A choreographer's
diary
By Leigh Witchel
Wednesday 7/28/99
First day of rehearsals.
The first day of rehearsals is
always the hardest day. I usually can't sleep the night before
from being wound up so tightly, and until the first step is choreographed,
there is always the small voice asking, "What if this one
turns out to be really stupid?" I've chosen to take the
bull by the horns for a few reasons. The piece we're beginning
with, Scherzo Fantastique, to the music of the same title
by Josef Suk, is the one I feel I have the loosest grip on conceptually.
But it's also the only one for which I have a full cast assembled
at present (I'm still looking for one man - and it hangs over
my head like any undone task) so it's what we must begin with.
I walk into studio; Frances is already in the dressing room,
blastingly air-conditioned in the intense heat of this summer.
We sit down and chat. I like the small talk at the beginning
of rehearsal; it calms me, and helps me to get to know the dancers.
Most of my choreography comes from judgments and assessments
of the dancers as people, as well as how they move, so the chat
is more necessary than the trivia it seems. Adriana arrives next
and then Mary (Morgan won't be here today, but will join us tomorrow.)
The dancers introduce themselves to each other (they all know
each other at least tangentially) and we begin.
Without a full cast I always feel tentative, not liking to set
any step on the person not doing it. Worse still, I really don't
yet know what this ballet is about. There are several different
aesthetic palettes possible on a continuum ranging from La
Valse to The
Absinthe Drinker out to Brides of Dracula. I'll only know by throwing a few steps
onto the canvas, like Jackson Pollock making a Rorschach test,
and analyzing the splotches.
I've used this music before, and I didn't like what I did, the
music was too strange for the conventional waltz piece I made,
I caught the music's beauty and sweep but missed its oddities.
The first question I needed to address was how to portray the
strangeness in a way that still acknowledged what was beautiful
in the music, and that these dancers could do. I had hired ballet
dancers, and it's a waste of time and resources not to respect
their process. One difference between ballet-trained dancers
and modern-trained dancers is that modern dancers tend to work
from the inside out and ballet dancers work from the outside
in. Modern dancers ask about intention and style early on in
the process, ballet dancers tend not to be comfortable with those
questions until all the steps have been set, then they will add
coloring to them.
The music is a sumptuous waltz, so we start in the simplest place
possible, with a balancé en tournant, a step commonly
used in most ballets containing waltz music. We do the step as
it is usually done, then vary it by altering the arms slightly
so that they curve delicately in front as if imploring. This
establishes a palette for the ports des bras and épaulement
of the work early on. I then ask the dancers to do the waltz
step at half time or slower. This answers an important question,
I know that I want the ballet, like the music, to be beautiful
yet strange, but strange in what way? The possibilities seemed
to me to be either to be strange in behavior or in incongruities
(disrupting the expected flow of movement or tempo.) The second
of the two relies less upon the dancers and more upon me, so
I opt to try it. Setting a dancer moving at unnaturally slow
speeds against a group of dancers moving at the tempo set by
the music provides the slightly disorienting effect I am looking
for.
Work proceeds that day, but in fits and starts and somewhat uncomfortably.

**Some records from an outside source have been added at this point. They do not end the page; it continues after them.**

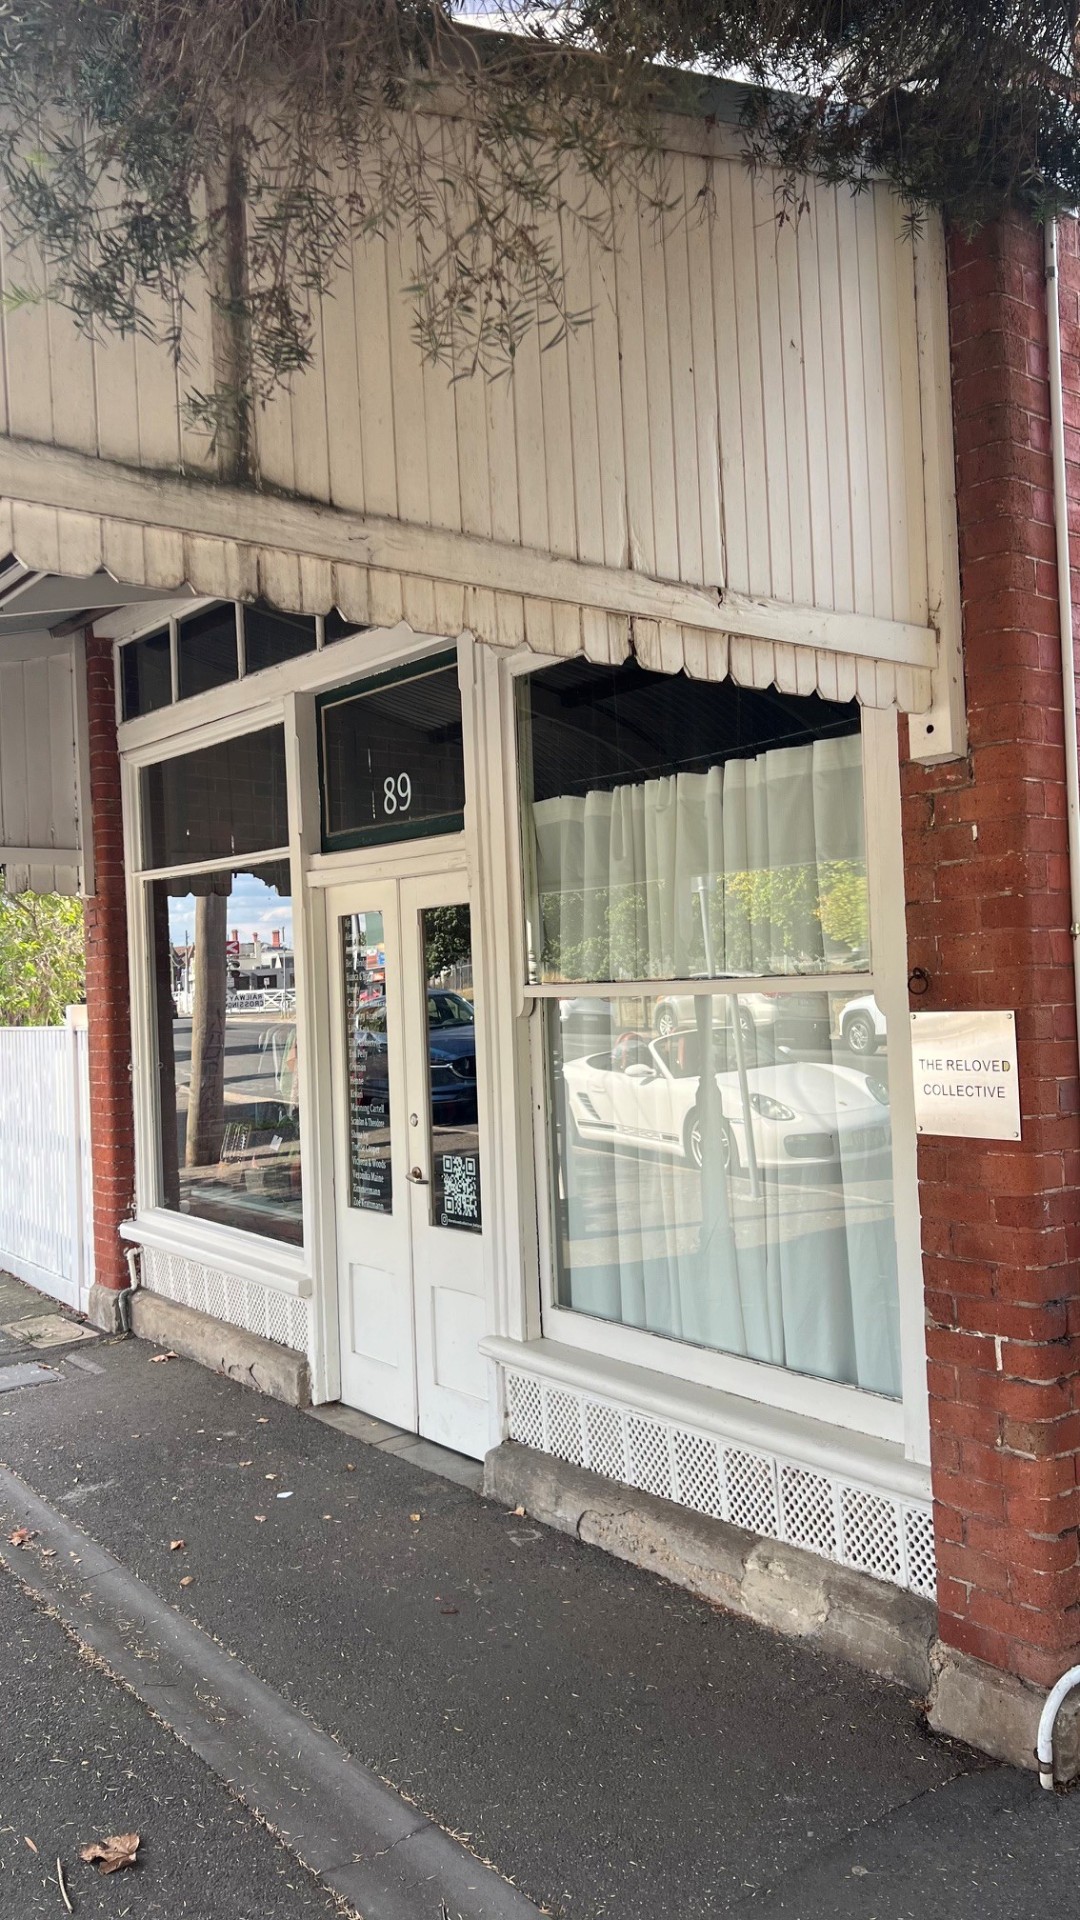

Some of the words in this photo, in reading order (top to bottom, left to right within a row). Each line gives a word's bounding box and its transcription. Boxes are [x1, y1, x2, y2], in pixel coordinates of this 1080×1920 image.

[383, 772, 412, 815] 89
[919, 1059, 943, 1071] THE
[946, 1059, 1011, 1072] RELOVED
[923, 1083, 1006, 1098] COLLECTIVE
[350, 1102, 370, 1115] Manning
[370, 1103, 385, 1113] Cartell
[371, 1159, 387, 1169] Woods
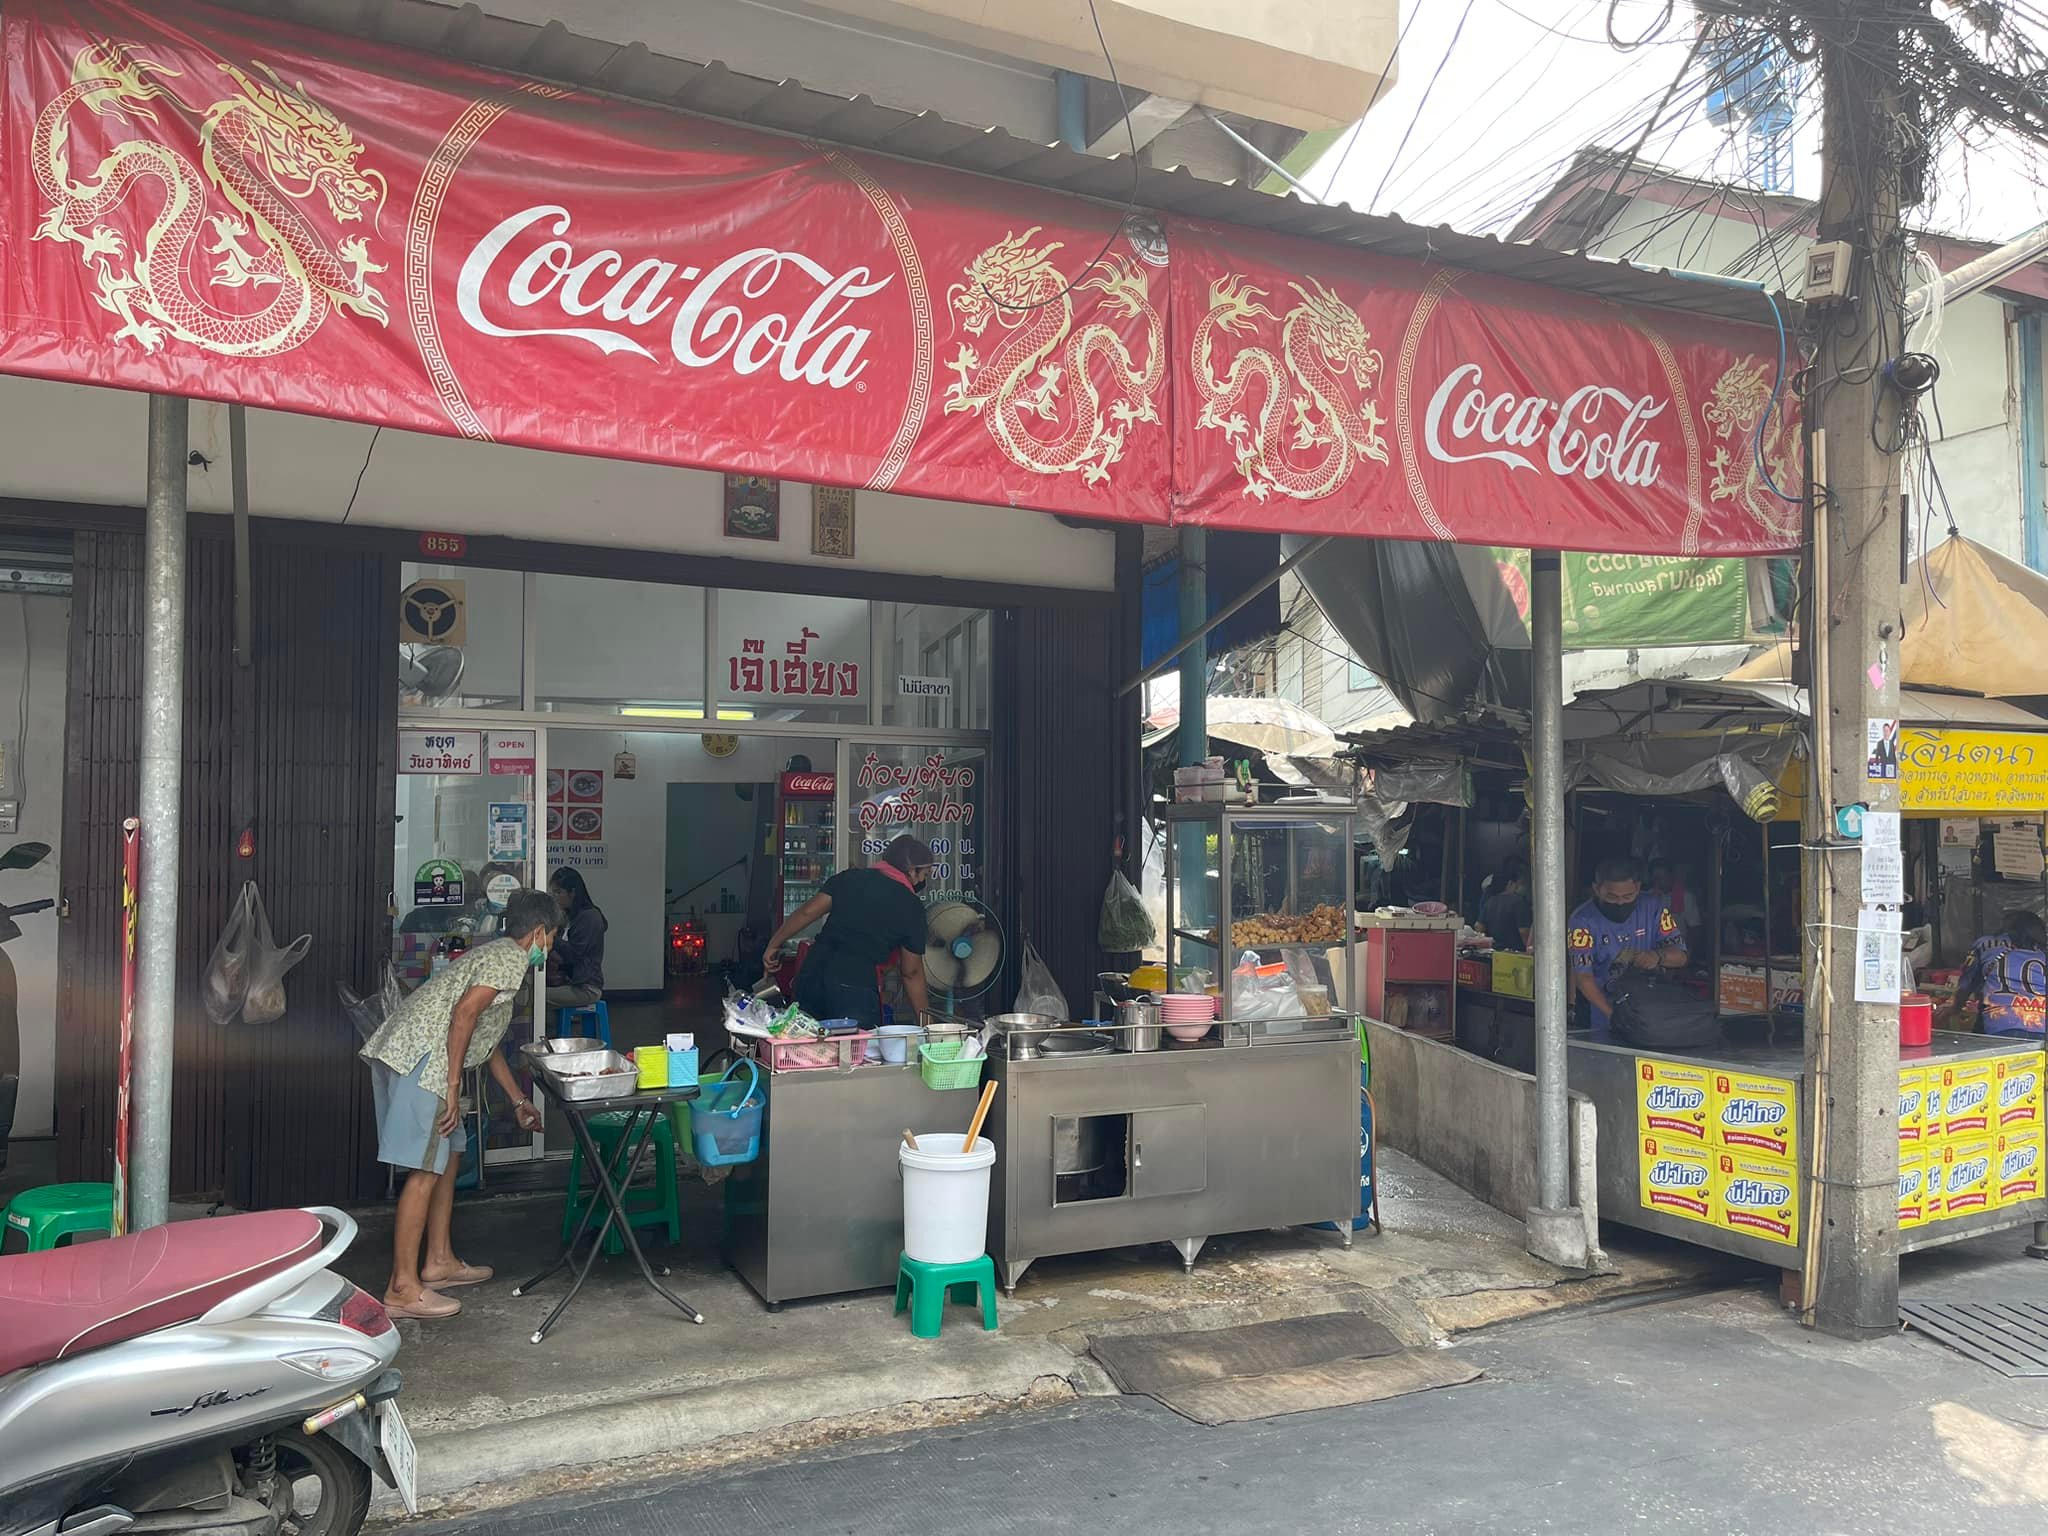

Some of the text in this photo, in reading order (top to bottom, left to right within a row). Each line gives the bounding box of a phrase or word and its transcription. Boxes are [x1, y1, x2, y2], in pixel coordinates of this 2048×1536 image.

[456, 205, 896, 389] Coca-Cola
[1424, 363, 1670, 488] Coca-Cola
[427, 537, 459, 552] 855
[728, 626, 860, 698] เจ๊เฮี้ยง
[899, 676, 951, 696] ไม่มีสาขา
[424, 735, 456, 754] หยุด
[497, 740, 525, 749] OPEN
[409, 753, 473, 770] วันอาทิตย์
[857, 751, 975, 790] ก๋วยเตี๋ยว
[858, 787, 975, 833] ลูกชิ้นปลา
[930, 837, 951, 855] 60
[930, 861, 951, 880] 70
[1650, 1085, 1703, 1109] ฟ้าไทย
[1948, 1083, 1987, 1113] ฟ้าไทย
[2001, 1075, 2034, 1104] ฟ้าไทย
[1725, 1098, 1785, 1124] ฟ้าไทย
[1653, 1160, 1706, 1185] ฟ้าไทย
[1948, 1159, 1987, 1190] ฟ้าไทย
[1729, 1179, 1789, 1205] ฟ้าไทย

The only dancer I've worked with before is Mary, and we're quite
comfortable with each other. Adriana is very even keeled, Frances
eager to get things right, but they still don't yet know how
I work, my vagueness throws Frances slightly, even though I assure
here that at this preliminary stage of choreography, there is
not yet a right or wrong way to execute what I've asked for (and
generally in the vaguest terms). Because this is not the full
cast, and because I'm not yet sure what I'm doing, I am loath
to set any steps as choreography, and so am building movement
phrases without the music, not even playing it until more than
an hour into the rehearsal. I simply throw out ideas at random
for the remainder of the rehearsal. They're not choreographed
to music, but will be compared with it after, to see which are
appropriate. Some, like a lengthy phrase with immense sweep,
are ready for almost immediate incorporation, others, like an
almost mimed phrase denoting entrapment will be thrown out.